Par acte de commissaire de justice en date du 26 juillet 2024, la S.A. [Adresse 7] a ensuite fait assigner Monsieur [M] [Y] devant le juge des contentieux de la protection de [Localité 9] statuant en référé pour obtenir le constat de la résiliation de plein droit du bail par le jeu de la clause résolutoire, son expulsion ainsi que celle de tout occupant de son chef, au besoin avec l'assistance de la force publique et d'un serrurier, et sa condamnation au paiement : - à titre provisionnelle de la somme de 1.234,54 euros, représentant les loyers et charges impayés à la date du commandement de payer, somme à parfaire au jour de l'audience, - à titre provisionnel, des loyers et charges impayés du jour du commandement de payer au jour du jugement à intervenir et avec intérêts, - d'une indemnité d’occupation mensuelle, fixée provisoirement, au montant actuel du loyer et des charges jusqu’au départ effectif des lieux, laquelle indemnité sera indexée tout comme le loyer, et ce avec intérêts de droit, - d'une somme de 700 euros au titre de l'article 700 du code de procédure civile et des frais et dépens de la présente instance, en ce compris le coût du commandement de payer, de l’assignation, et le cas échéant les actes signifiés dans le cadre des mesures conservatoires qui ont été prises sur les biens et valeurs mobilières.

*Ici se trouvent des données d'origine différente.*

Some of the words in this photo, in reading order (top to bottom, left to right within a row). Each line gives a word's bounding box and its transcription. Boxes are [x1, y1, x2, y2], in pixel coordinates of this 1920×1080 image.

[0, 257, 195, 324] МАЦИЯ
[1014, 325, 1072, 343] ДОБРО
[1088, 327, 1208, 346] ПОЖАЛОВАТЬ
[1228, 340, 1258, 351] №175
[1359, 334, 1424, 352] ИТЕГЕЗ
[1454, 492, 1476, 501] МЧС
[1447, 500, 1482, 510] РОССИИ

A l’audience du 10 décembre 2024, la S.A. HLM PATRIMOINE LANGUEDOCIENNE, représentée par son conseil, maintient les demandes de son assignation et actualise le montant de sa demande en paiement à la somme de 1.826,24 euros, pour inclure les mensualités impayées jusqu'à celle de novembre 2024 comprise. Elle indique qu’elle n’arrive pas à entrer en contact avec le locataire et que le paiement d’une somme de 458€ a été effectué le 14 novembre 2024, mais qu’il n’y a aucune régularité dans les versements.

Monsieur [M] [Y] comparaît en personne et reconnaît le montant de la dette locative. Il demande à pouvoir se maintenir dans les lieux en payant le loyer courant, outre la somme de 100 euros par mois en règlement de l'arriéré. Il indique qu’il travaille en intérim dans le secteur du bâtiment avec un salaire entre 1500 à 1700 euros par mois. Il précise en outre vivre avec sa femme, laquelle ne travaille pas.

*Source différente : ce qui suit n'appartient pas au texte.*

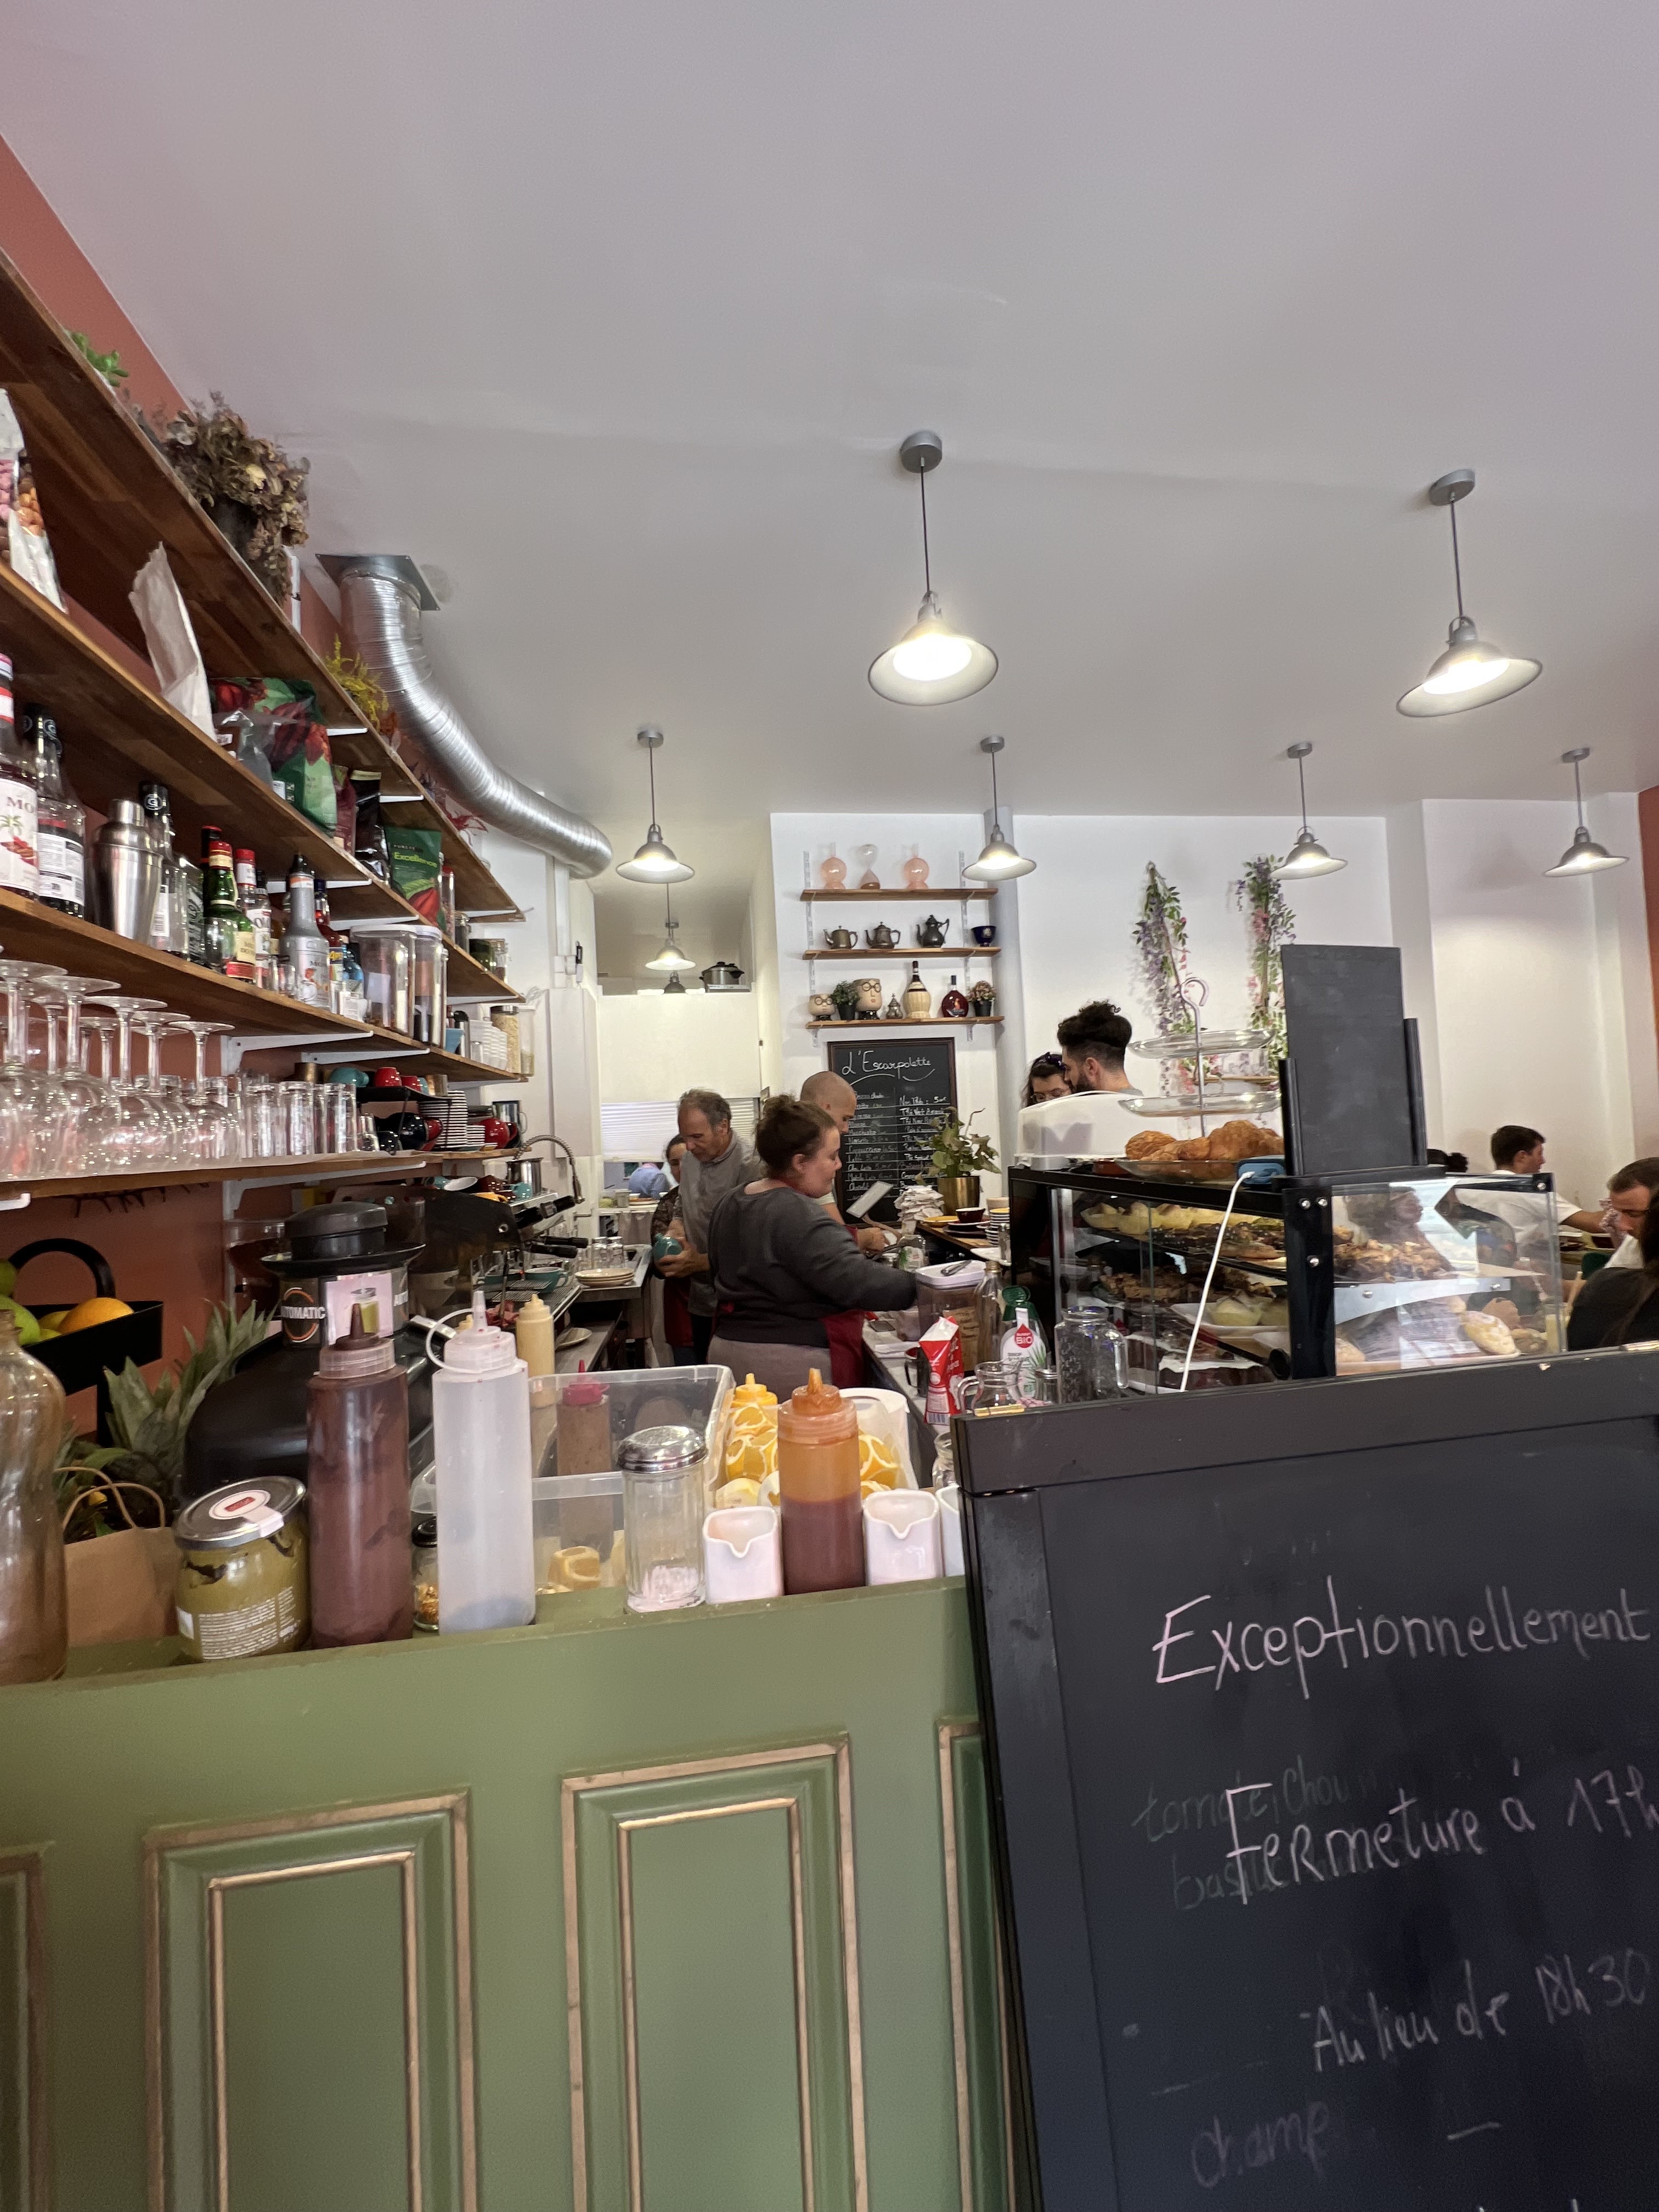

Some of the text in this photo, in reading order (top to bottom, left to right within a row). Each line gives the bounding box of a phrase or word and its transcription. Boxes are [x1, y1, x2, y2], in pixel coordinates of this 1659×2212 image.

L'affaire a été mise en délibéré au 06 février 2025.

MOTIFS DE LA DECISION

I. SUR LA RESILIATION

1. Sur la recevabilité de l'action

Une copie de l’assignation a été notifiée à la préfecture de Haute-Garonne par la voie électronique le 29 juillet 2024, soit plus de six semaines avant l’audience, conformément à l’article 24 III de la loi n°89-462 du 06 juillet 1989 en sa version applicable au litige.

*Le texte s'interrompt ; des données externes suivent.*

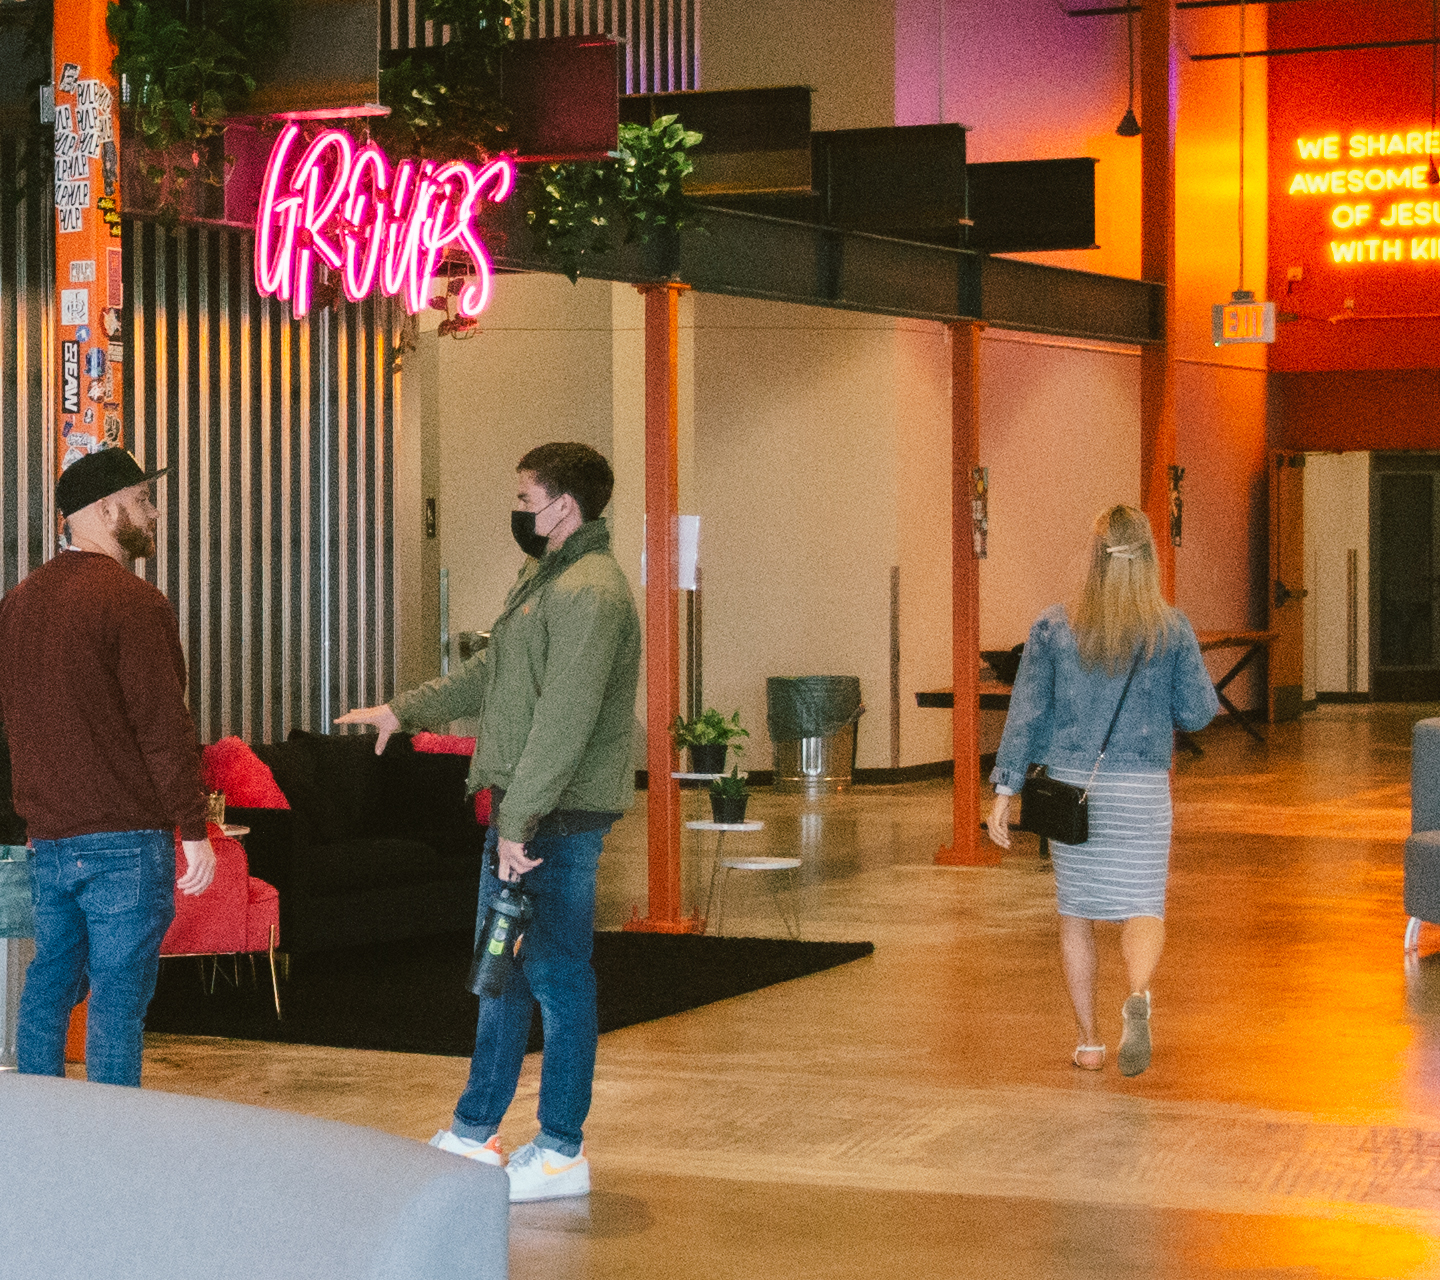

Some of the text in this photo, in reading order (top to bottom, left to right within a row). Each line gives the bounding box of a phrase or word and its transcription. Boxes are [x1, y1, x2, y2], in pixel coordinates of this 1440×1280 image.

[1297, 135, 1340, 161] WE
[1289, 164, 1429, 195] AWESOME
[256, 123, 515, 319] GROUPS
[1331, 203, 1371, 230] OF
[1330, 237, 1404, 263] WITH
[1223, 305, 1264, 338] EXIT

Par ailleurs, la S.A. [Adresse 7] justifie avoir saisi la commission de coordination des actions de prévention des expulsions locatives par la voie électronique le 05 avril 2024, soit deux mois au moins avant la délivrance de l’assignation du 26 juillet 2024, conformément à l’article 24 II de la loi n°89-462 du 06 juillet 1989.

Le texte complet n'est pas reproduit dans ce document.